We will therefore preserve and pass on to future generations in sacred trust what we believe we have discovered, but we will never presume to possess the final word on open, contested, or controversial ideas; we will ask others to learn and consider what we profess, but will not seek to limit what others may deem worthy of exploration, investigation, acceptance, or rejection; and we will face and engage differing ideas, but we will not denigrate or demean them, or the people who hold them, merely because they conflict with what we already believe.
We understand that we can achieve neither our purpose nor our mission if we peremptorily rule some avenues of inquiry out, prevent some ideas from receiving a full hearing, or rest content in the pretense that we already know what we need or will need to know.
This means we will continually and robustly exercise the freedom to investigate and examine new ideas, to review our prejudices and settled beliefs critically and regularly, and to confront, in good faith, lines of thought with which we are unfamiliar or even uncomfortable. We will judge ideas, assertions, claims, proposals, hypotheses, and conjectures on their merits. If we believe they are false, we will seek to refute them with arguments and evidence; if we cannot refute them, we will accept them, but only tentatively and with a vigilant eye toward future arguments or evidence that may overturn them.

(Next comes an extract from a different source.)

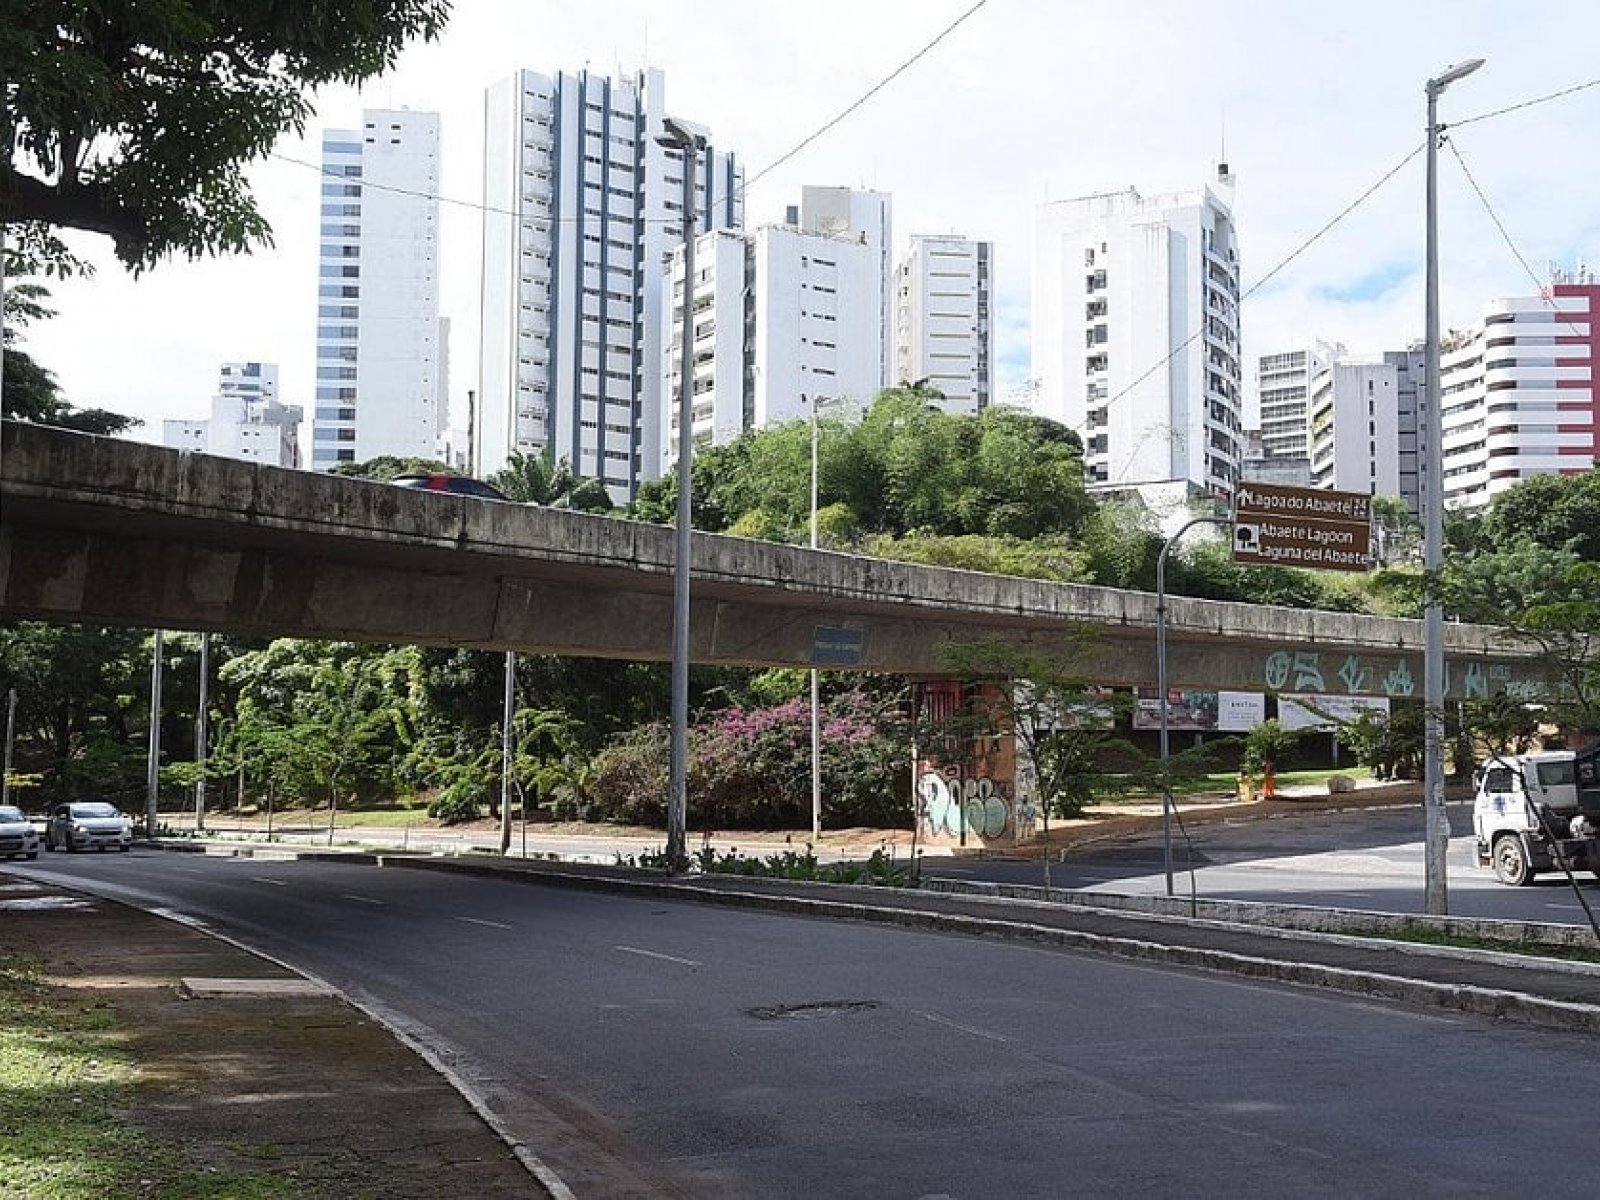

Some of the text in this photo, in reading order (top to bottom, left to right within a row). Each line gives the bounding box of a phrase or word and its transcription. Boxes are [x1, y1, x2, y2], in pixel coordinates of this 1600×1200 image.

This is the essence of a liberal arts education, without which we are no longer an institution of higher learning. We are the inheritors of a noble millennia-long tradition seeking unfettered inquiry, and we honor that heritage by protecting, preserving, and continuing it. If we cease, limit, or restrict our explorations, we betray not only our purpose and mission but also our solemn duty as scholars. In voluntarily deciding to join the life of the gown, we humbly but resolutely accept, affirm, and attest our charge with the seriousness its importance warrants, and we pledge to uphold and defend its integrity against all those who would corrupt it.